▸ AIM OF THE TASK
Copy down every line of the data that follows exactly. Omit the pictures.

▸ RECORDS FOR THE TASK
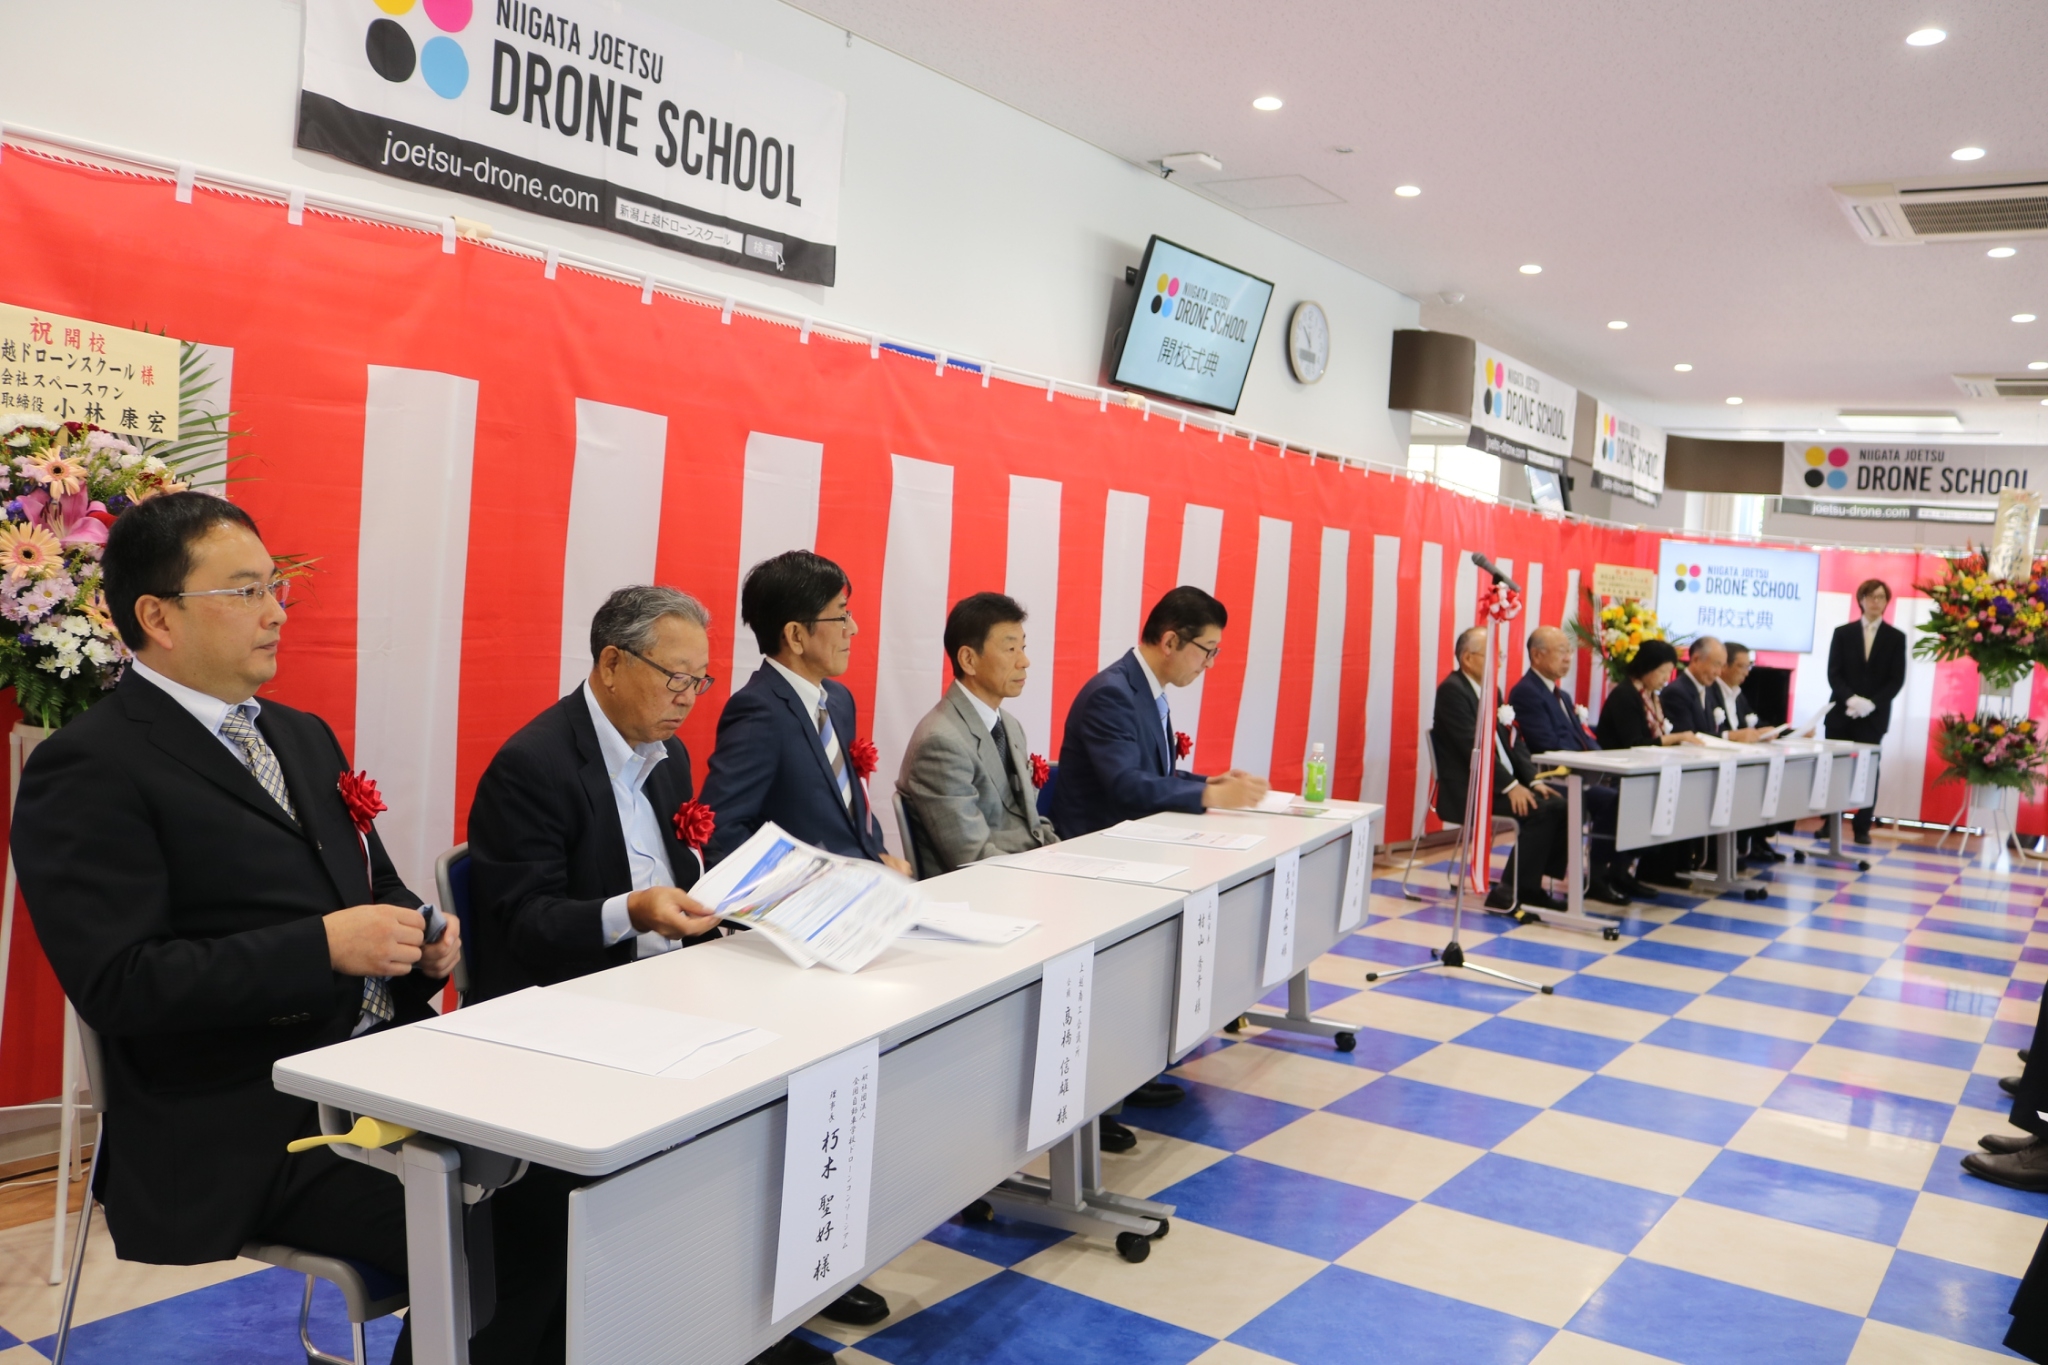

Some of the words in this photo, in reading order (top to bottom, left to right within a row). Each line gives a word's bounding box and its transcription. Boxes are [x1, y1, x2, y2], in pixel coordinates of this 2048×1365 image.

[496, 0, 580, 55] NIIGATA
[589, 30, 663, 84] JOETSU
[490, 39, 643, 156] DRONE
[655, 99, 802, 207] SCHOOL
[381, 130, 600, 214] joetsu-drone.com
[619, 203, 731, 246] 新潟上越ドローンスクール
[753, 241, 775, 258] 検索
[1182, 282, 1209, 302] NIIGATA
[1209, 291, 1231, 310] JOETSU
[1175, 297, 1212, 330] DRONE
[1210, 310, 1248, 343] SCHOOL
[1157, 336, 1220, 377] 開校式典
[1, 367, 124, 400] 会社スペースワン
[1859, 449, 1900, 461] NIIGATA
[1904, 450, 1945, 462] JOETSU
[1857, 465, 1933, 492] DRONE
[1811, 501, 1910, 518] joetsu-drone.com
[1707, 565, 1738, 577] NIIGATA
[1741, 568, 1769, 578] JOETSU
[1705, 577, 1747, 596] DRONE
[1753, 580, 1801, 600] SCHOOL
[1697, 605, 1773, 630] 開校式典

▸ WRITTEN RESPONSE
Some of the words in this photo, in reading order (top to bottom, left to right within a row). Each line gives a word's bounding box and its transcription. Boxes are [x1, y1, x2, y2], in pixel coordinates of this 2048×1365 image.

[496, 0, 580, 55] NIIGATA
[589, 30, 663, 84] JOETSU
[490, 39, 643, 156] DRONE
[655, 99, 802, 207] SCHOOL
[381, 130, 600, 214] joetsu-drone.com
[619, 203, 731, 246] 新潟上越ドローンスクール
[753, 241, 775, 258] 検索
[1182, 282, 1209, 302] NIIGATA
[1209, 291, 1231, 310] JOETSU
[1175, 297, 1212, 330] DRONE
[1210, 310, 1248, 343] SCHOOL
[1157, 336, 1220, 377] 開校式典
[1, 367, 124, 400] 会社スペースワン
[1859, 449, 1900, 461] NIIGATA
[1904, 450, 1945, 462] JOETSU
[1857, 465, 1933, 492] DRONE
[1811, 501, 1910, 518] joetsu-drone.com
[1707, 565, 1738, 577] NIIGATA
[1741, 568, 1769, 578] JOETSU
[1705, 577, 1747, 596] DRONE
[1753, 580, 1801, 600] SCHOOL
[1697, 605, 1773, 630] 開校式典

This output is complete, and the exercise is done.